Spatial localization data:
☆ ☆ ☆ ☆ ☆

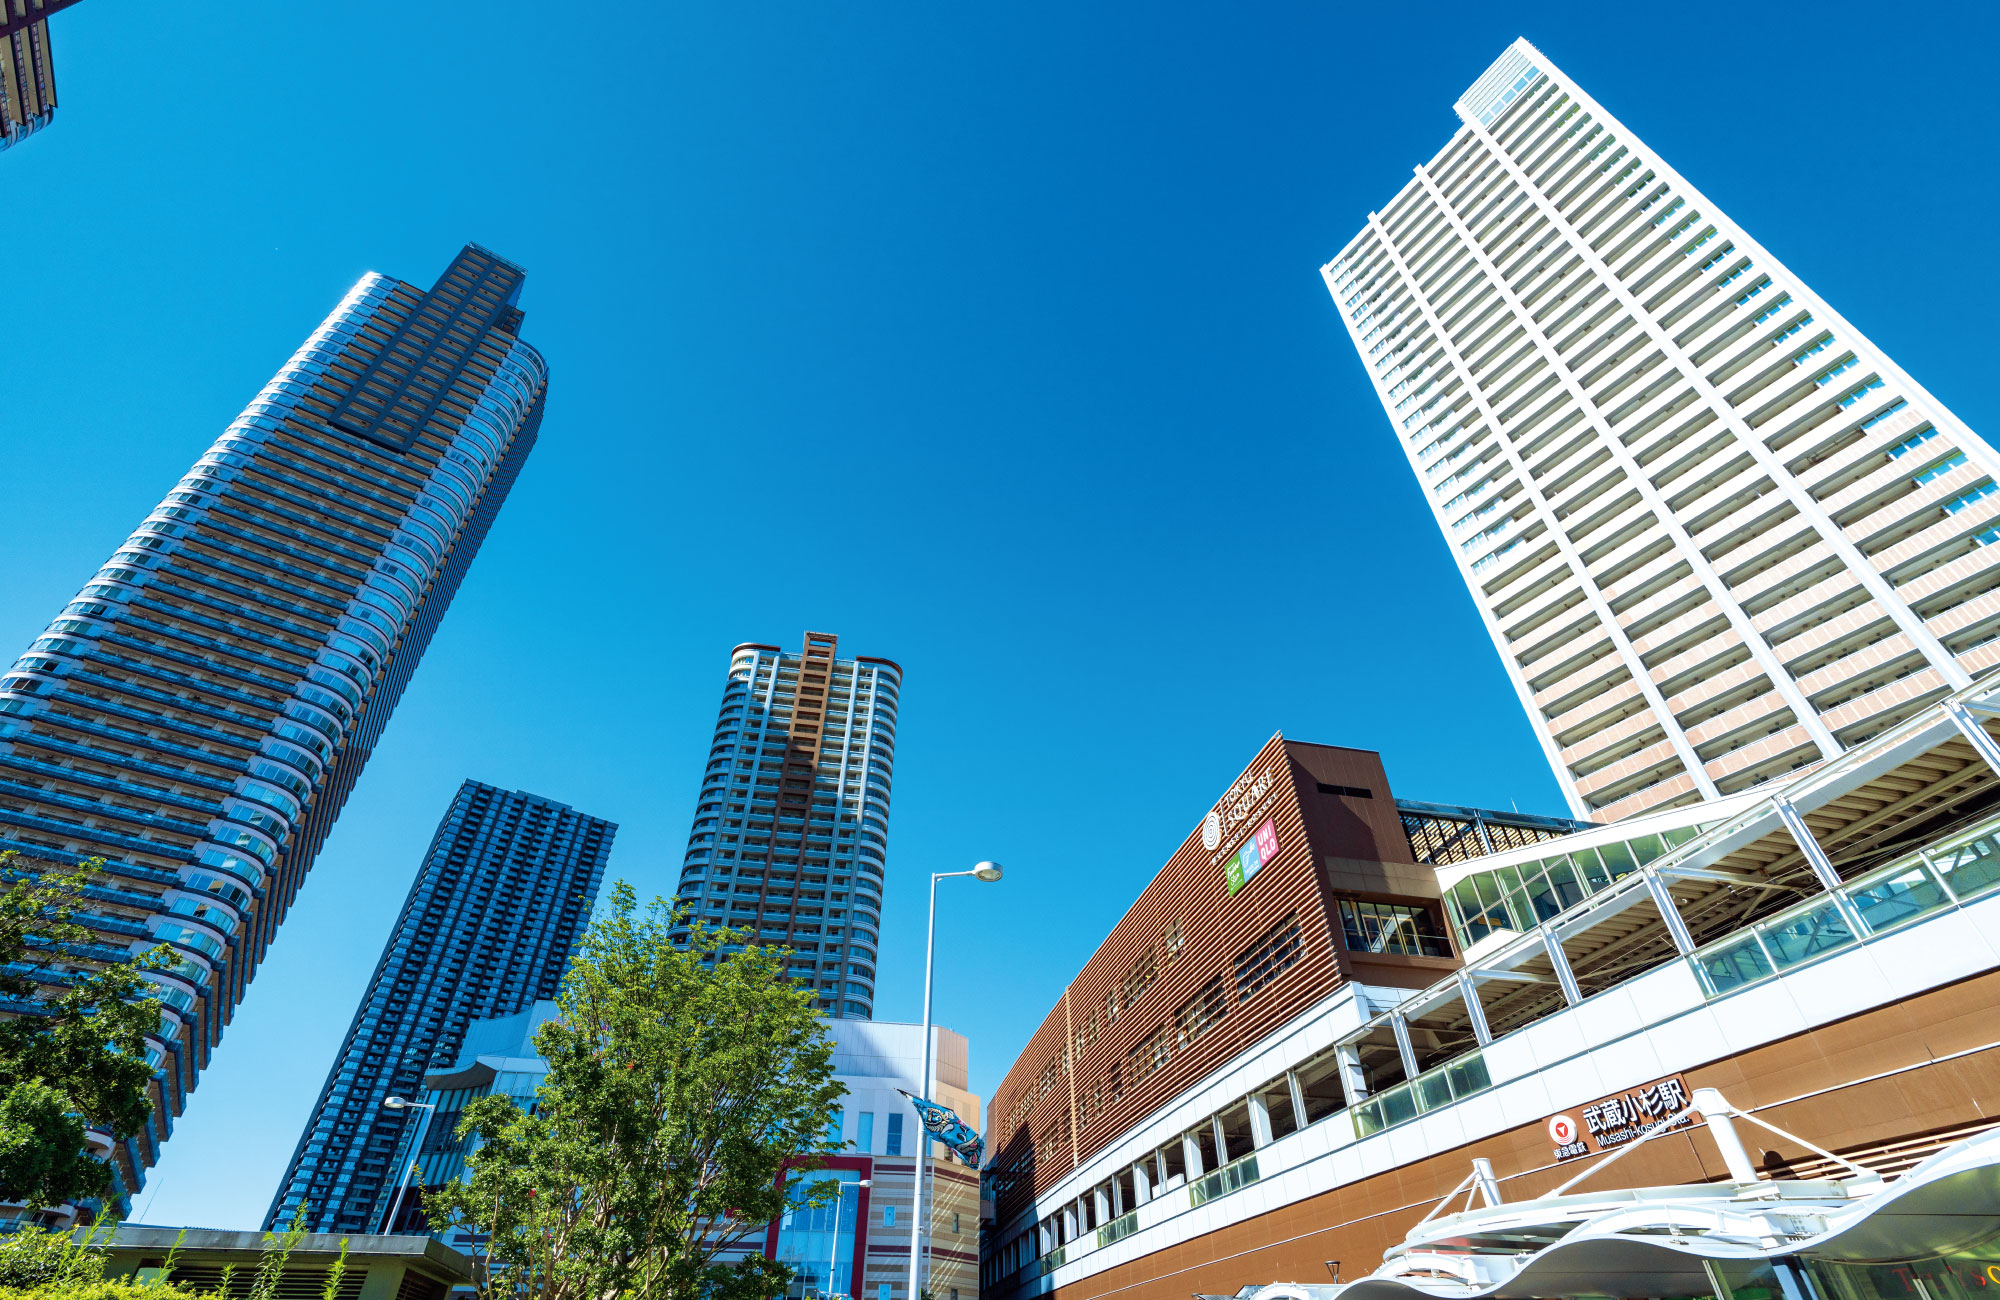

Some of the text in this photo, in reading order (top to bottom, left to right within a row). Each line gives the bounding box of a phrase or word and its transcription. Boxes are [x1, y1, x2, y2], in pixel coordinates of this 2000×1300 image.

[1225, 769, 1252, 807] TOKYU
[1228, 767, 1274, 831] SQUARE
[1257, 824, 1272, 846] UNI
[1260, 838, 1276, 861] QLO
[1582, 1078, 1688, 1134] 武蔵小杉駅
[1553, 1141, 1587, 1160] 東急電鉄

☆ ☆ ☆ ☆ ☆

• _Exercise objective_: Print each entry shown above with exact wording and no pictures.

• _Answer section_:
Some of the text in this photo, in reading order (top to bottom, left to right within a row). Each line gives the bounding box of a phrase or word and its transcription. Boxes are [x1, y1, x2, y2], in pixel coordinates of this 2000×1300 image.

[1225, 769, 1252, 807] TOKYU
[1228, 767, 1274, 831] SQUARE
[1257, 824, 1272, 846] UNI
[1260, 838, 1276, 861] QLO
[1582, 1078, 1688, 1134] 武蔵小杉駅
[1553, 1141, 1587, 1160] 東急電鉄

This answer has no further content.